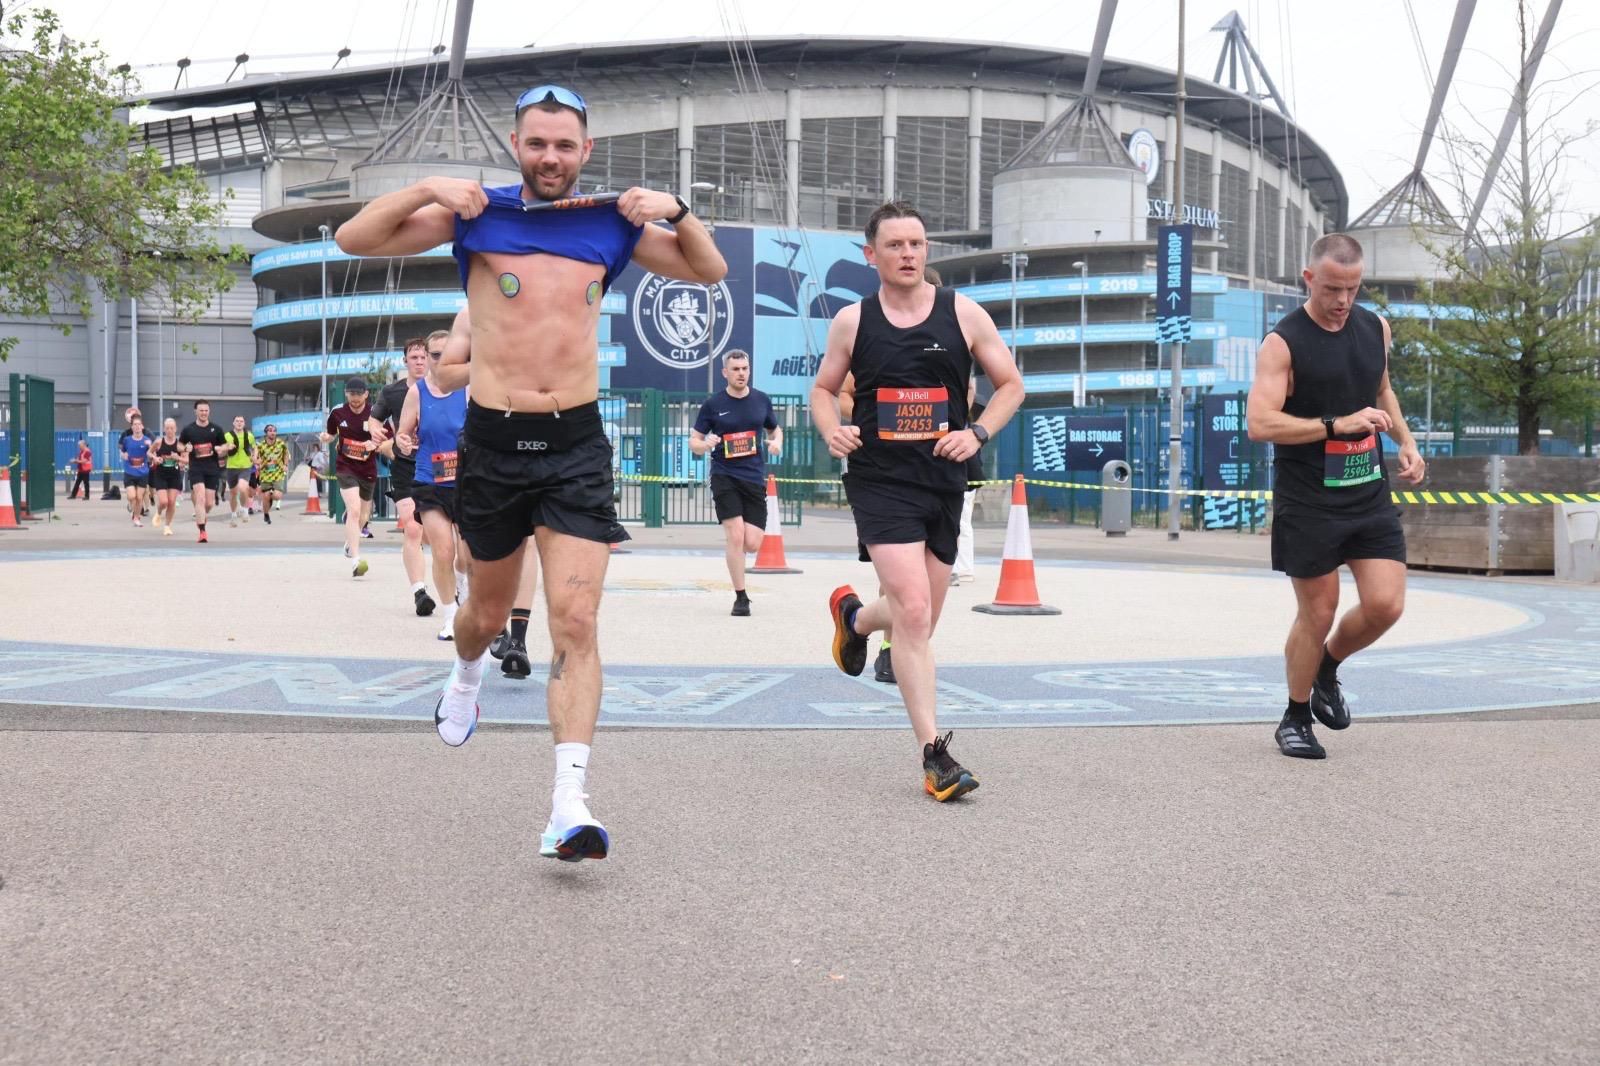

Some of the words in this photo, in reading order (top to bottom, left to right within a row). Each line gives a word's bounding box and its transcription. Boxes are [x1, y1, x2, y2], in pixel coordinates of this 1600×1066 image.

[1167, 232, 1182, 263] DROP
[1167, 264, 1181, 288] BAG
[1099, 278, 1137, 292] 2019
[1034, 329, 1076, 342] 2003
[670, 349, 700, 360] CITY
[292, 361, 315, 372] CITY
[1118, 374, 1154, 386] 1968
[896, 404, 933, 417] JASON
[1224, 400, 1246, 415] BA
[897, 418, 933, 431] 22453
[1070, 430, 1086, 442] BAG
[1087, 430, 1122, 442] STORAGE
[517, 440, 548, 450] EXEO
[1344, 452, 1370, 466] LESLIE
[1344, 464, 1370, 478] 25965
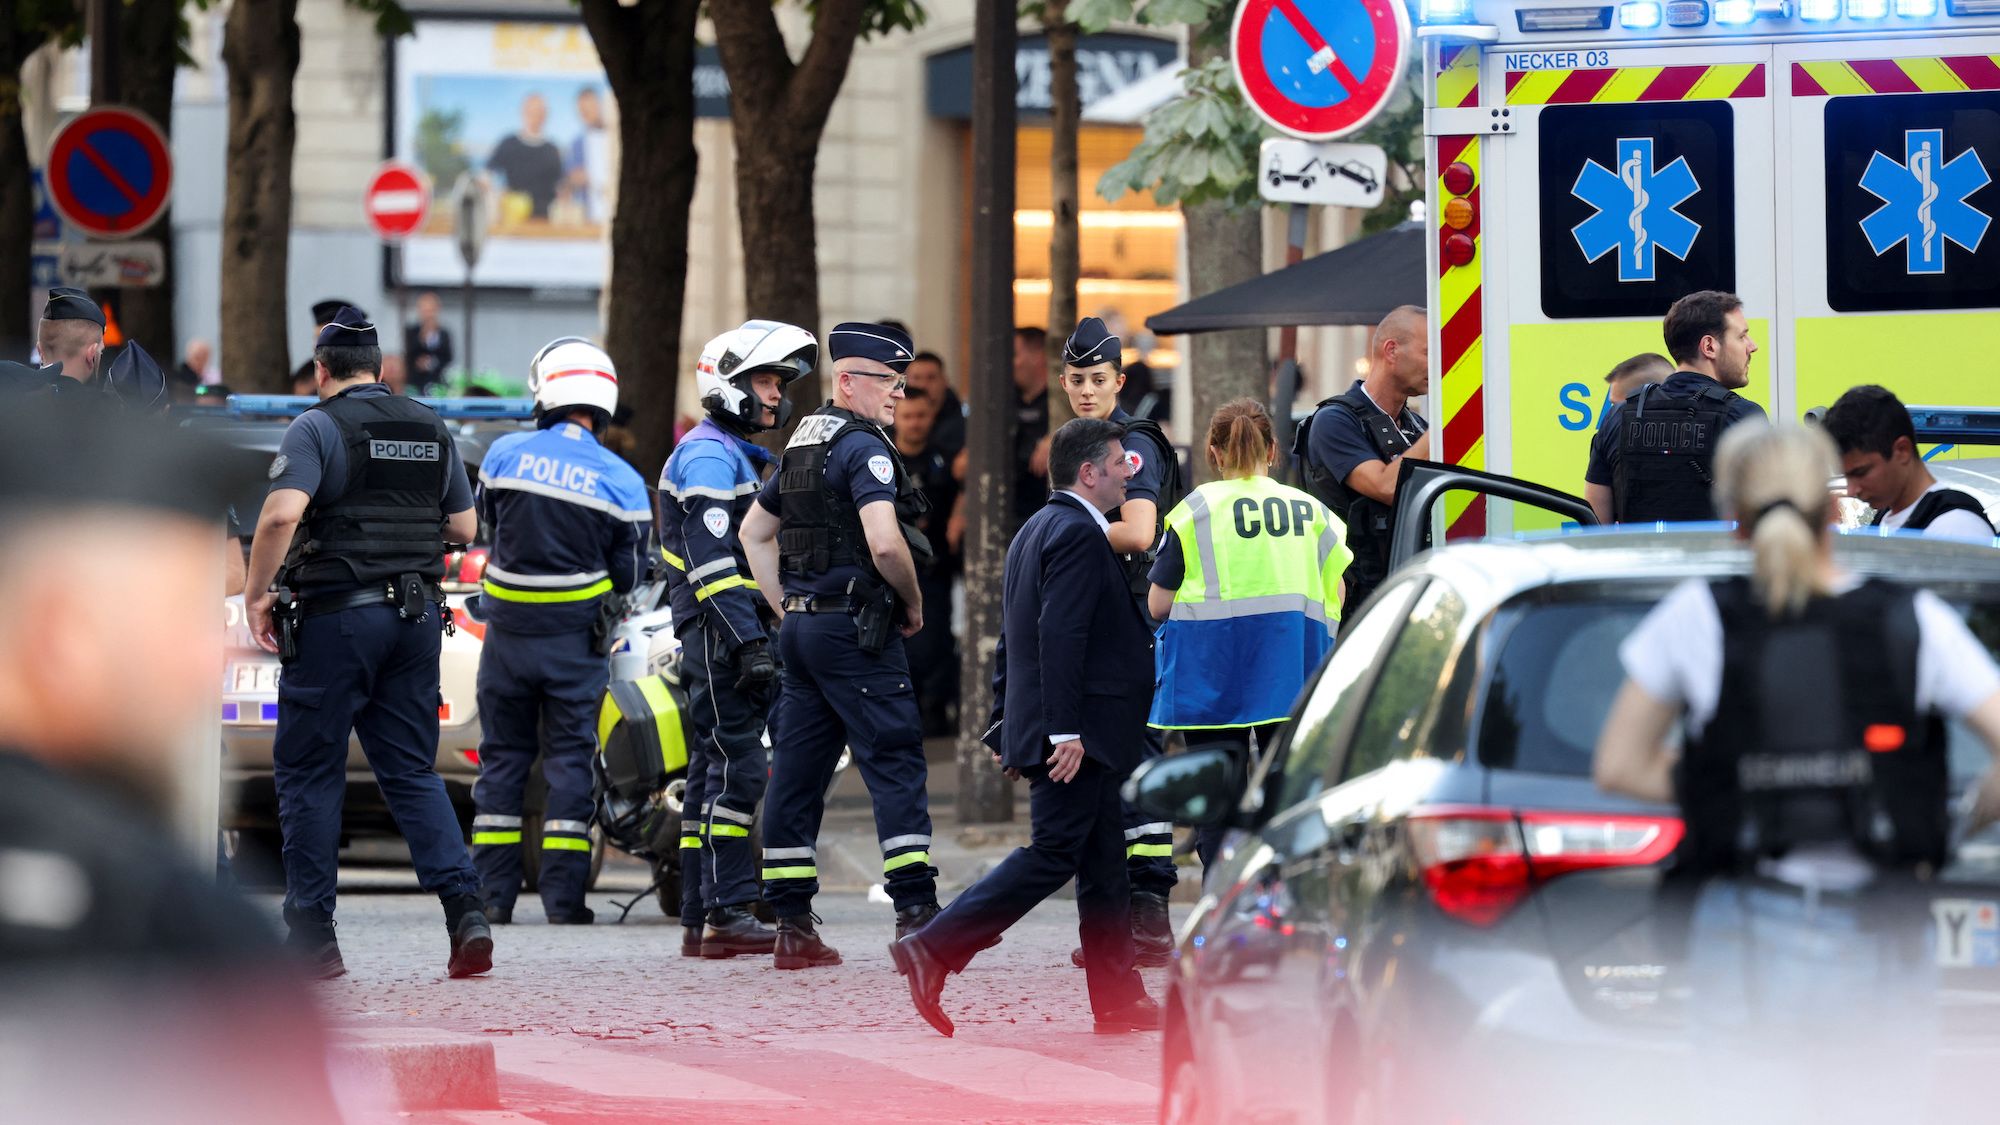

### TASK OBJECTIVE
Return all of the records above exactly as written. Omit each picture.

### EXERCISE ANSWER
Some of the words in this photo, in reading order (top to bottom, left to right within a row). Each line gives a word's bounding box and its transcription. Boxes are [x1, y1, x2, y2], in pixel coordinates of this 1600×1066 image.

[1167, 232, 1182, 263] DROP
[1167, 264, 1181, 288] BAG
[1099, 278, 1137, 292] 2019
[1034, 329, 1076, 342] 2003
[670, 349, 700, 360] CITY
[292, 361, 315, 372] CITY
[1118, 374, 1154, 386] 1968
[896, 404, 933, 417] JASON
[1224, 400, 1246, 415] BA
[897, 418, 933, 431] 22453
[1070, 430, 1086, 442] BAG
[1087, 430, 1122, 442] STORAGE
[517, 440, 548, 450] EXEO
[1344, 452, 1370, 466] LESLIE
[1344, 464, 1370, 478] 25965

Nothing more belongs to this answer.